These are just a few of the many hundred reported cases of "spontaneous human combustion":
In 1938, a 22-year-old woman named Phyllis Newcombe was leaving a dance at the Shire Hall in Chelmsford, England. As she descended the staircase of the hall, her dress suddenly caught fire with no apparent cause. She ran back into the ballroom, where she collapsed. Several people rushed to her aid, but she later died in the hospital. Although the theory was that Newcombe's dress had been ignited by a cigarette or a lit match thrown from the stairwell, no evidence of either was ever found. Coroner L.F. Beccles commented on the incident, "From all my experience I have never come across a case so very mysterious as this."
In 1951, a 67-year-old widow named Mary Reeser was at home in St. Petersburg, Florida. On the morning of July 2, a neighbor discovered that Mary's front door was hot. When she broke into the apartment with the help of two workmen, they found Mary in an easy chair with a black circle around her. Her head had been burned down to the size of a teacup. The only other parts of her that remained were part of her backbone and part of her left foot. Other than Mary's charred remains, there was very little evidence of fire in her apartment. A forensic pathologist, Dr. Wilton Krogman, said of the incident, "[It's] the most amazing thing I have ever seen. As I review it, the short hairs on my neck bristle with vague fear. Were I living in the Middle Ages I'd mutter something about black magic." But the police report cited a far less supernatural explanation for the cause of death: a dropped cigarette, which ignited Mrs. Reeser's highly flammable rayon-acetate nightgown.
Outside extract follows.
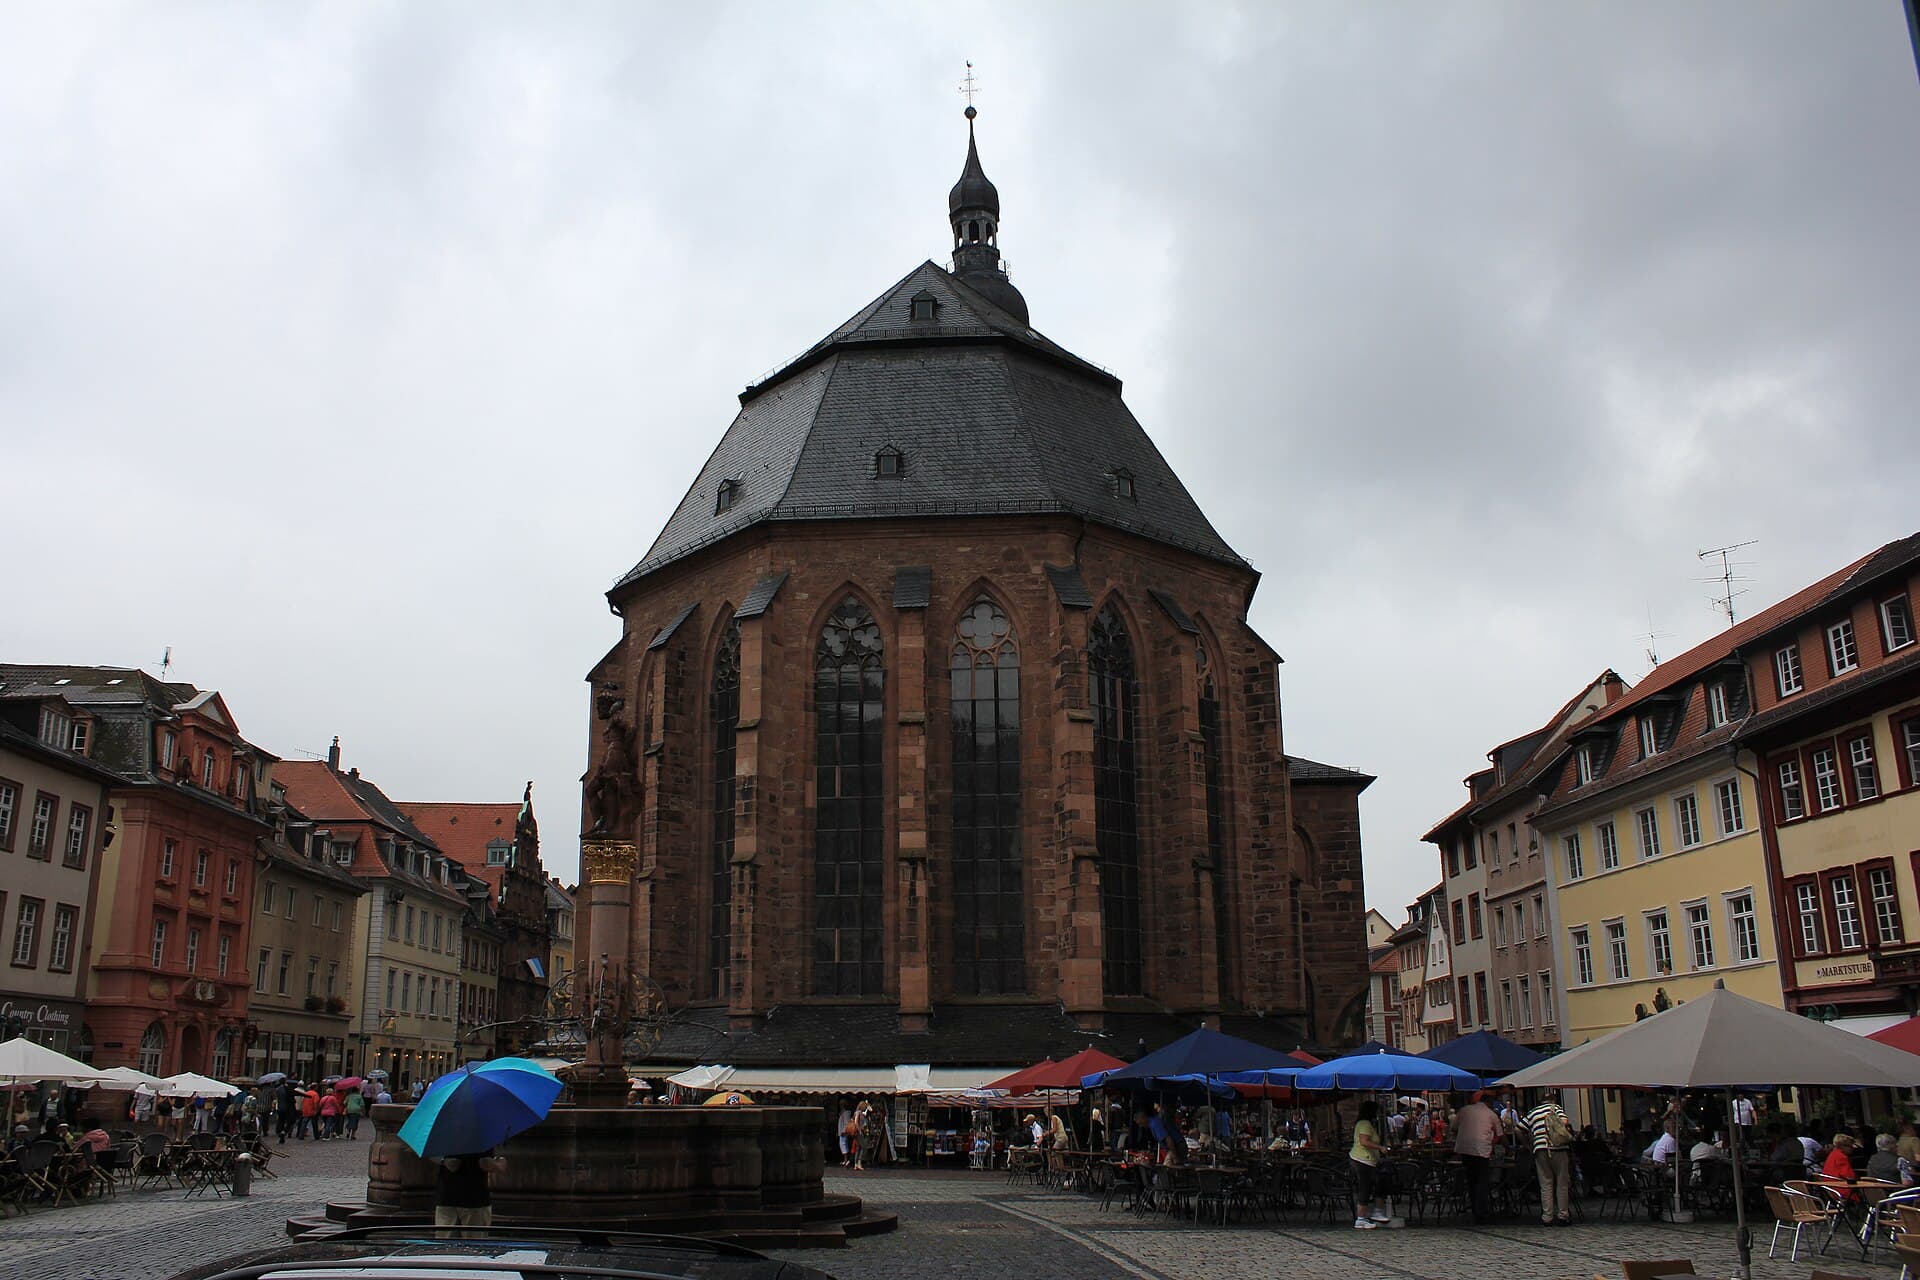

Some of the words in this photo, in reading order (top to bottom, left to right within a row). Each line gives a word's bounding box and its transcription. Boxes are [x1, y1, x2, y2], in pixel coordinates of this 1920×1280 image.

In 1982, a mentally handicapped woman named Jean Lucille "Jeannie" Saffin was sitting with her 82-year-old father at their home in Edmonton, in northern London. According to her father, a flash of light caught his eye. When he turned to his daughter, he saw that her upper body was enveloped in flames. Mr. Saffin and his son-in-law, Donald Carroll, managed to put out the blaze, but Jeannie died of her third-degree burns about a week after entering the hospital. According to Carroll, "the flames were coming from her mouth like a dragon and they were making a roaring noise." There was no smoke or fire damage in the room. Some have wondered if an ember from her father's pipe ignited Jeannie's clothing.